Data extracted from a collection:
——————————

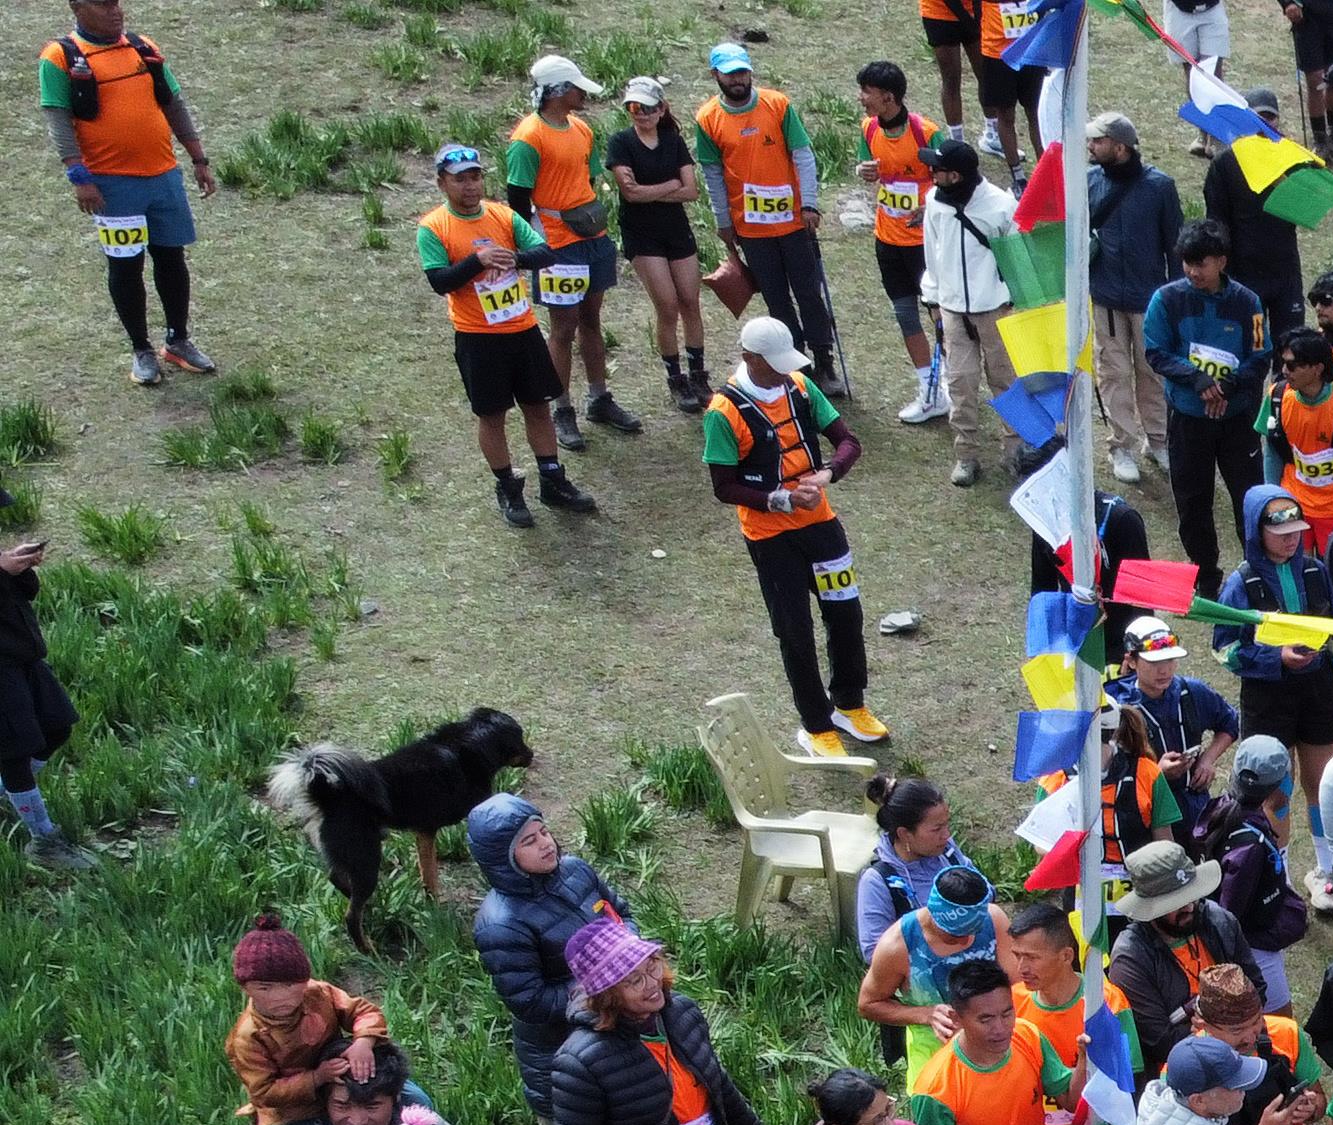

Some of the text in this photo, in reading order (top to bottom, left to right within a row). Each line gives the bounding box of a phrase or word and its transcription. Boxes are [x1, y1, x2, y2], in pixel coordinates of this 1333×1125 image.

[749, 197, 789, 213] 156
[880, 189, 913, 210] 210
[102, 228, 144, 245] 102
[545, 278, 585, 293] 169
[486, 284, 520, 311] 147
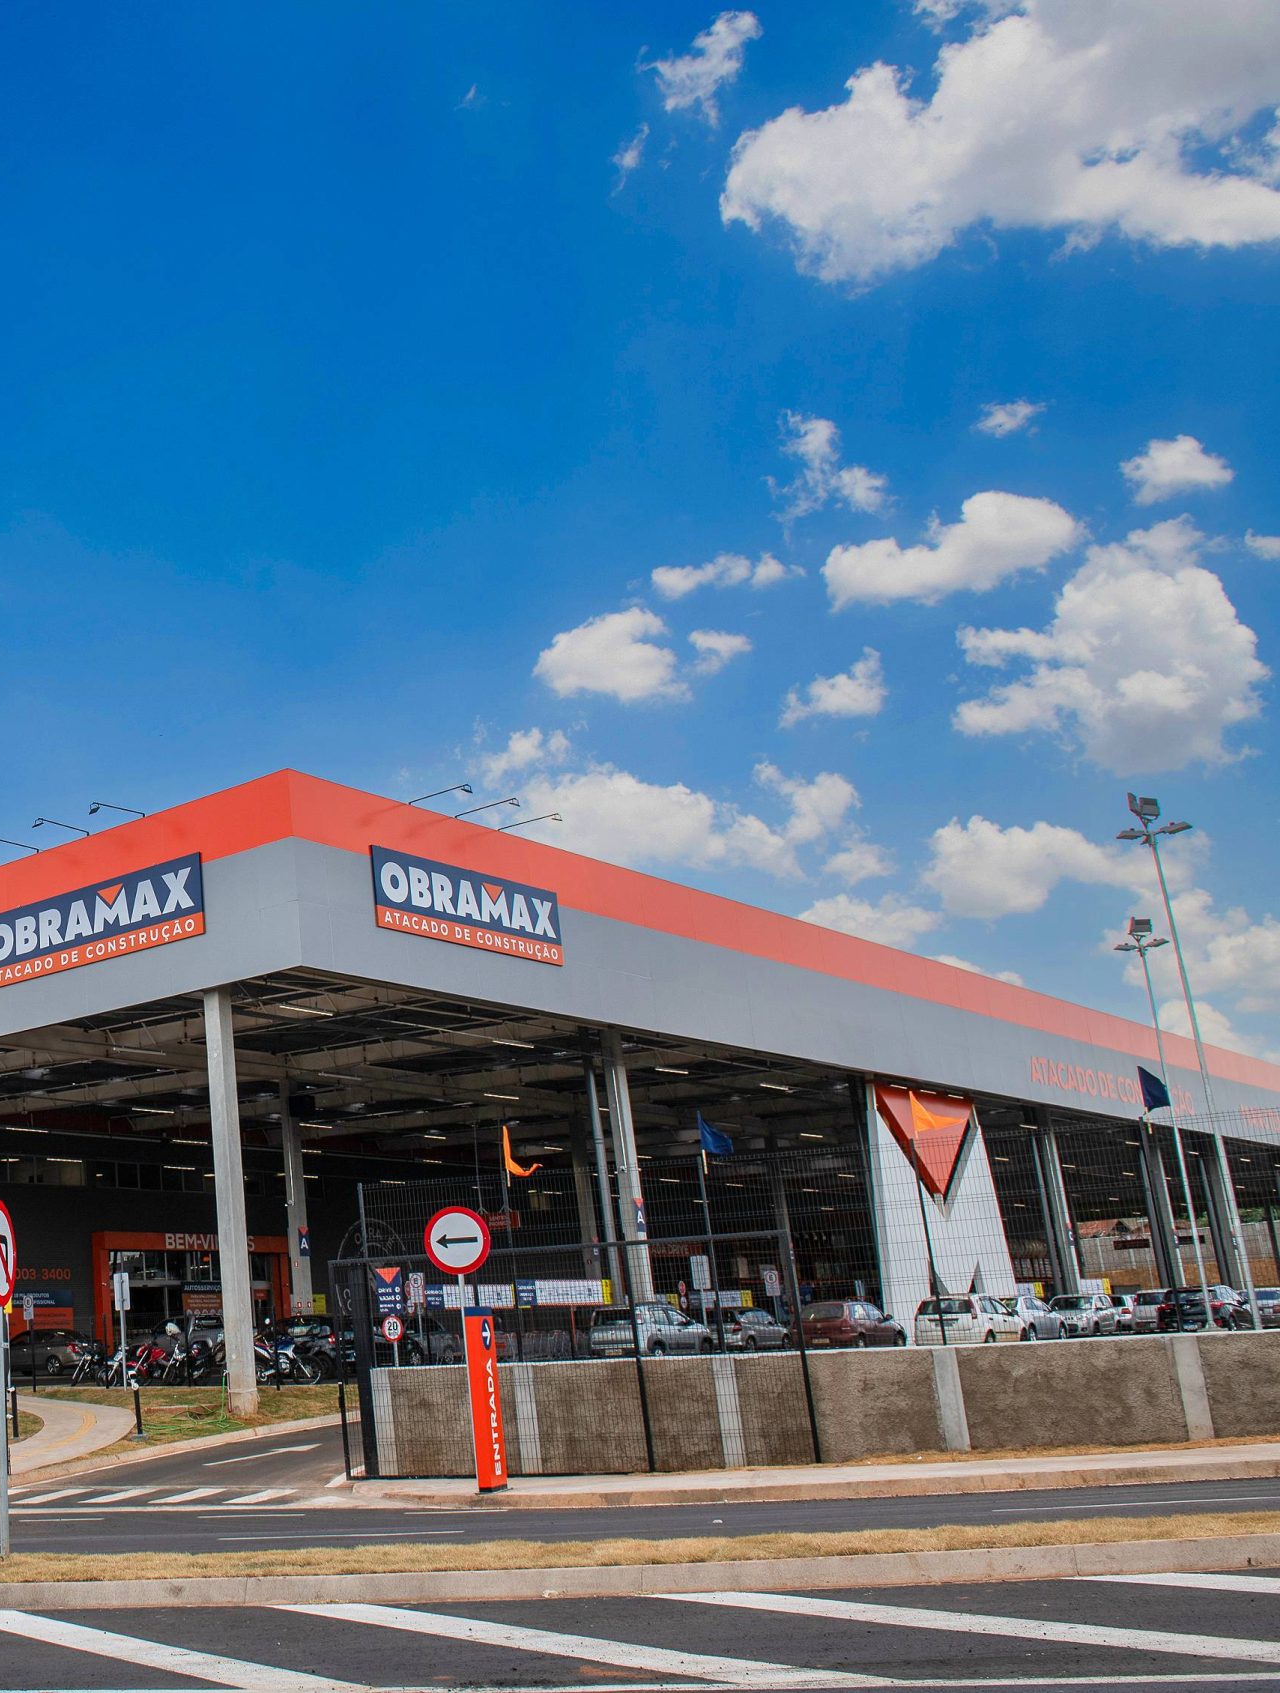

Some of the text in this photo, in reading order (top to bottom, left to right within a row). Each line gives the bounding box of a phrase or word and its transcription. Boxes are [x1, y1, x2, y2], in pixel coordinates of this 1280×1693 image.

——————————

» **What is expected**
Could you repeat every entry above exactly, with each picture omitted?

» **Exercise answer**
Some of the text in this photo, in reading order (top to bottom, left to right within a row). Each line gives the bounding box of a phrase or word and its transcription. Boxes are [x1, y1, x2, y2], in pixel coordinates of this 1333×1125 image.

[749, 197, 789, 213] 156
[880, 189, 913, 210] 210
[102, 228, 144, 245] 102
[545, 278, 585, 293] 169
[486, 284, 520, 311] 147

Some of the text in this photo, in reading order (top to bottom, left to right within a row). Each line gives the bounding box of a phrase or word and its transcription. Boxes are [x1, y1, x2, y2], in pixel coordinates of this 1280×1693 image.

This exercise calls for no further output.